Exercise description
Reproduce the records exactly, but not the pictures.

Given records
____

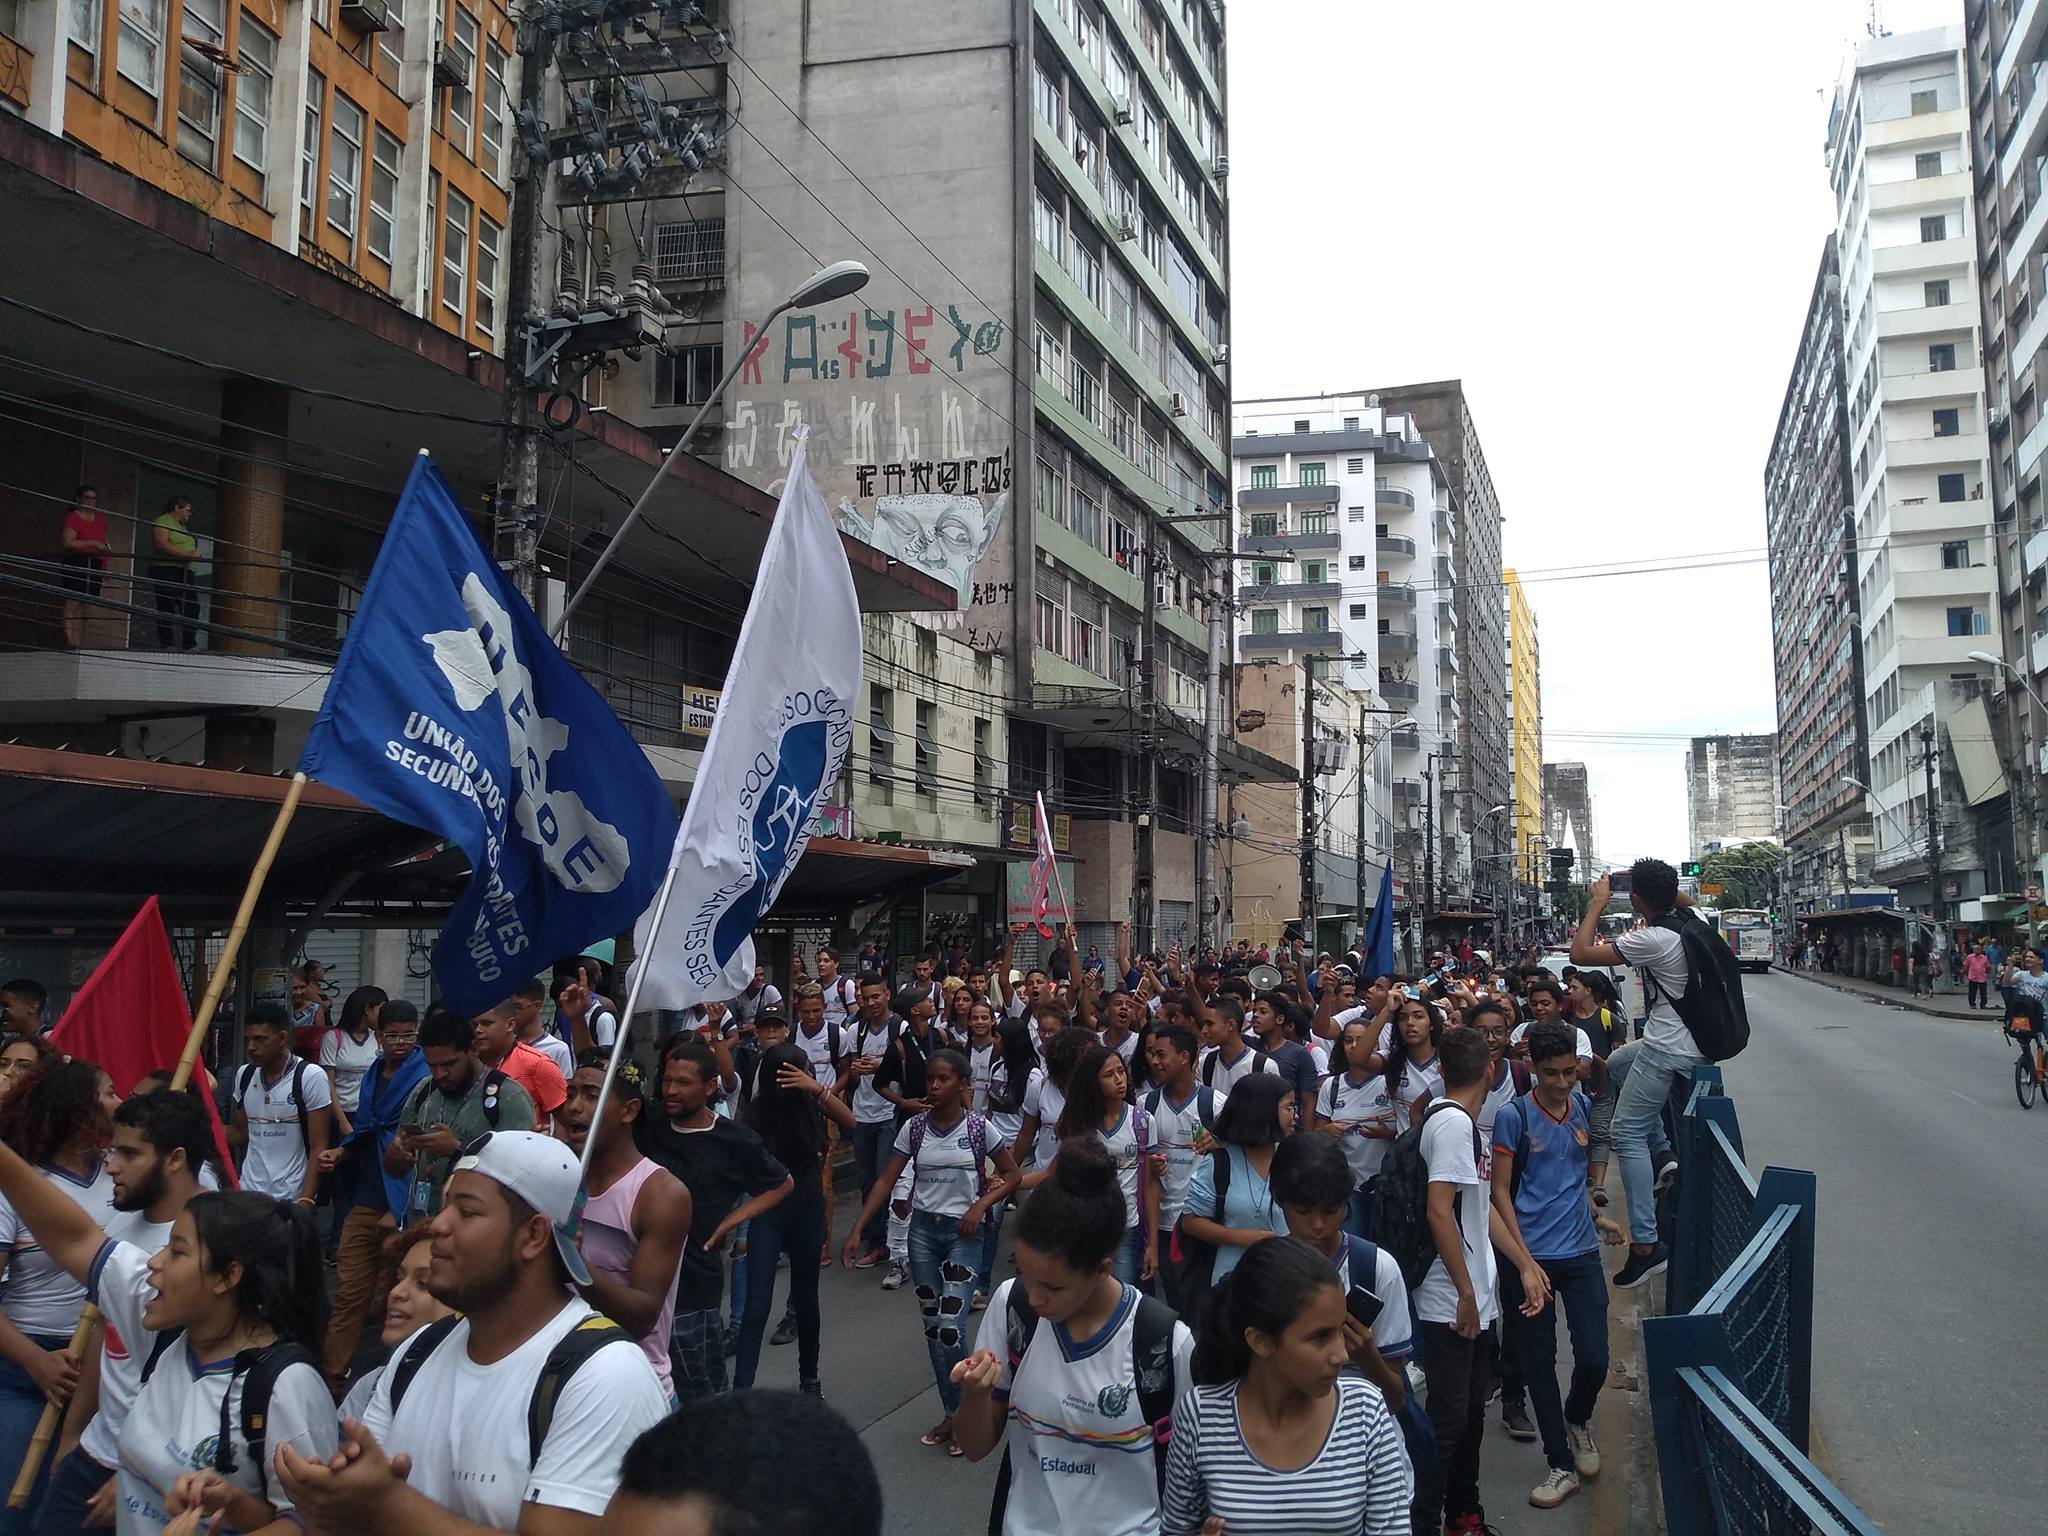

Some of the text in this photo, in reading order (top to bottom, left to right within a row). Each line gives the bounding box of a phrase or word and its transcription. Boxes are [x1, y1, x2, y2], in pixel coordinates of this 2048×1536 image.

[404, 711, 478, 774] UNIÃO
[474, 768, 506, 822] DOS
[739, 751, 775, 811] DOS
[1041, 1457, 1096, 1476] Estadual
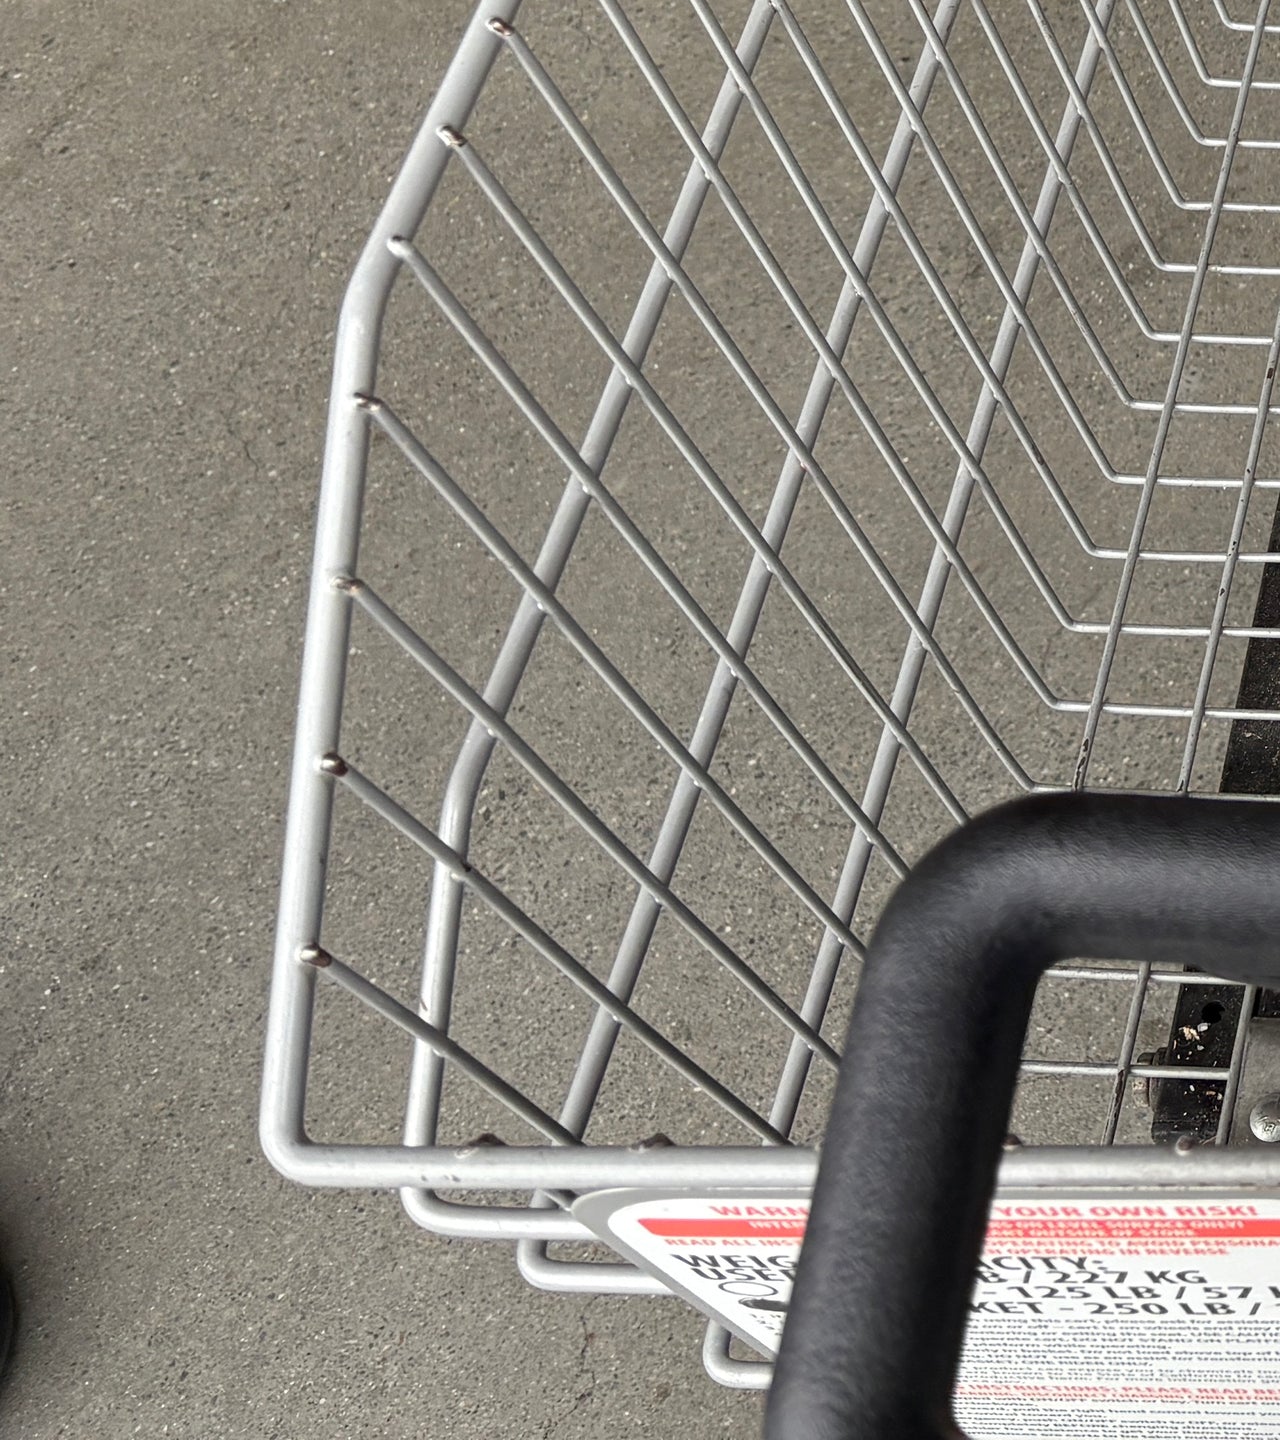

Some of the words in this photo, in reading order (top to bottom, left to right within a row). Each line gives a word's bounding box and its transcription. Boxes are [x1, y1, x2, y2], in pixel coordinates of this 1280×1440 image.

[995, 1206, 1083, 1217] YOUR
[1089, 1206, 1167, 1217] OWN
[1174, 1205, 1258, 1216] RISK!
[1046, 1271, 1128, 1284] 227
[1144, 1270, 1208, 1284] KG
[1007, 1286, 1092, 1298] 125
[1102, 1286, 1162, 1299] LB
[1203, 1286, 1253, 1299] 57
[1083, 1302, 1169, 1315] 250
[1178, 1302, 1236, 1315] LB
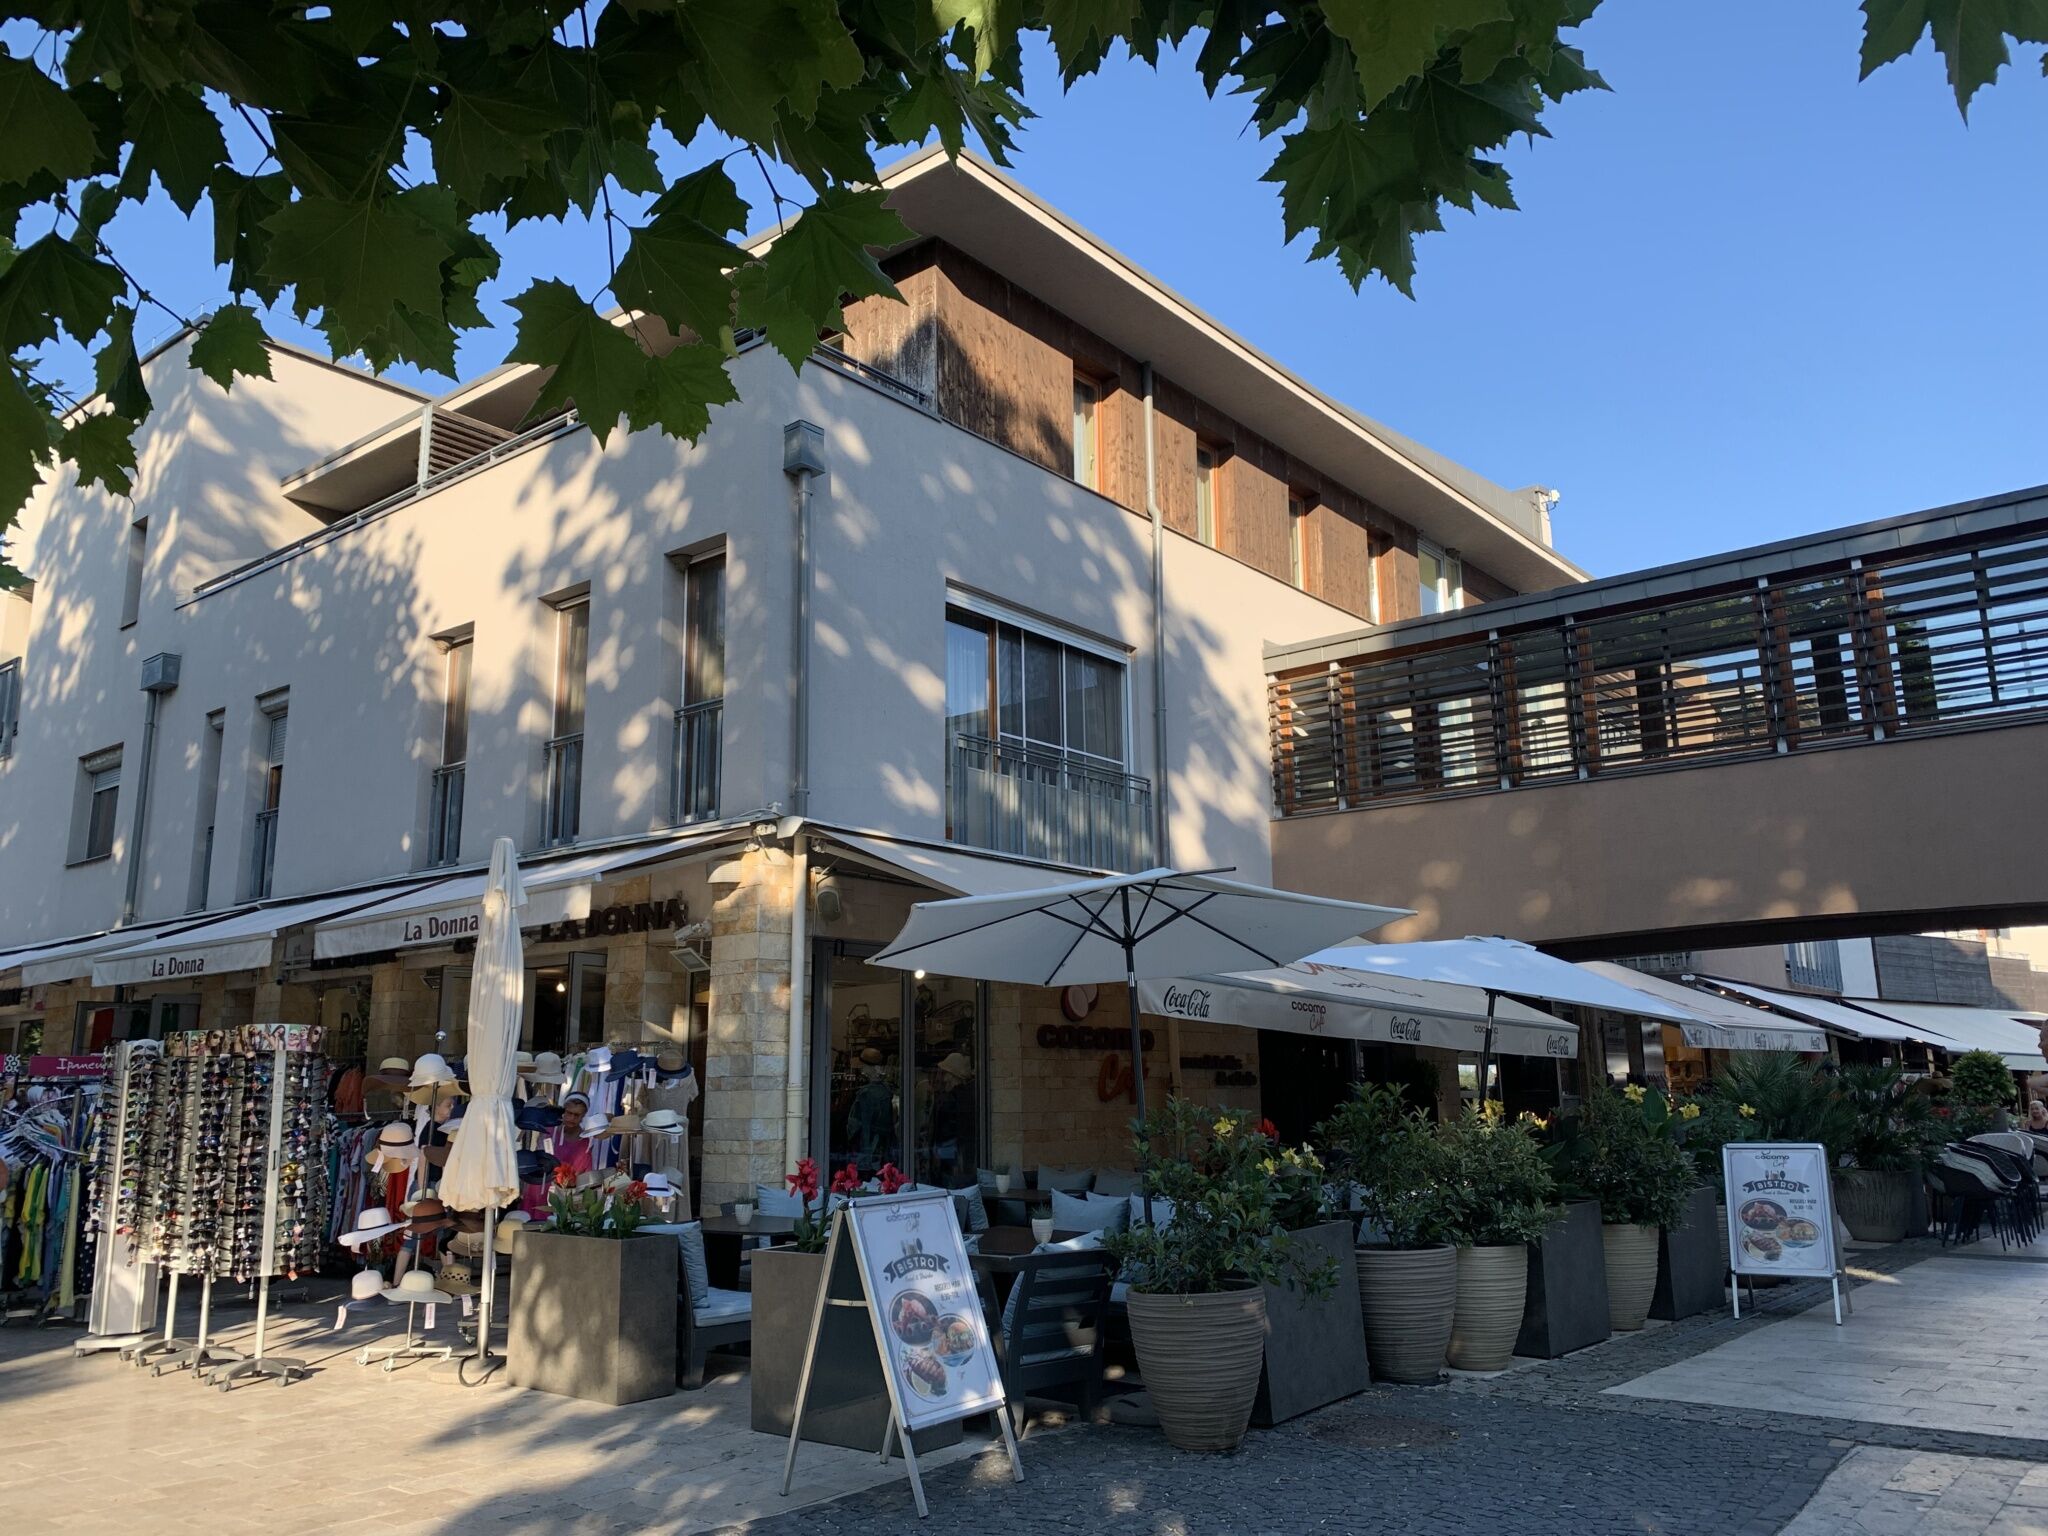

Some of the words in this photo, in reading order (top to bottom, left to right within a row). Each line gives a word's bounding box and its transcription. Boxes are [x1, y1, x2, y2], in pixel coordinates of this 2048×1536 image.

____

Written answer
Some of the text in this photo, in reading order (top to bottom, left to right within a row). Each line gives the bounding box of a phrase or word and its transcription. Boxes are [x1, y1, x2, y2], in pixel coordinates of this 2048×1536 image.

[404, 711, 478, 774] UNIÃO
[474, 768, 506, 822] DOS
[739, 751, 775, 811] DOS
[1041, 1457, 1096, 1476] Estadual

Some of the words in this photo, in reading order (top to bottom, left to right within a row). Each line gives a word's bounding box and its transcription. Boxes are [x1, y1, x2, y2], in pixel coordinates of this 1280×1440 image.

[995, 1206, 1083, 1217] YOUR
[1089, 1206, 1167, 1217] OWN
[1174, 1205, 1258, 1216] RISK!
[1046, 1271, 1128, 1284] 227
[1144, 1270, 1208, 1284] KG
[1007, 1286, 1092, 1298] 125
[1102, 1286, 1162, 1299] LB
[1203, 1286, 1253, 1299] 57
[1083, 1302, 1169, 1315] 250
[1178, 1302, 1236, 1315] LB

Some of the words in this photo, in reading order (top to bottom, left to right within a row). Each line gives a word's bounding box and its transcription. Boxes are [x1, y1, x2, y2], in pixel coordinates of this 2048×1536 image.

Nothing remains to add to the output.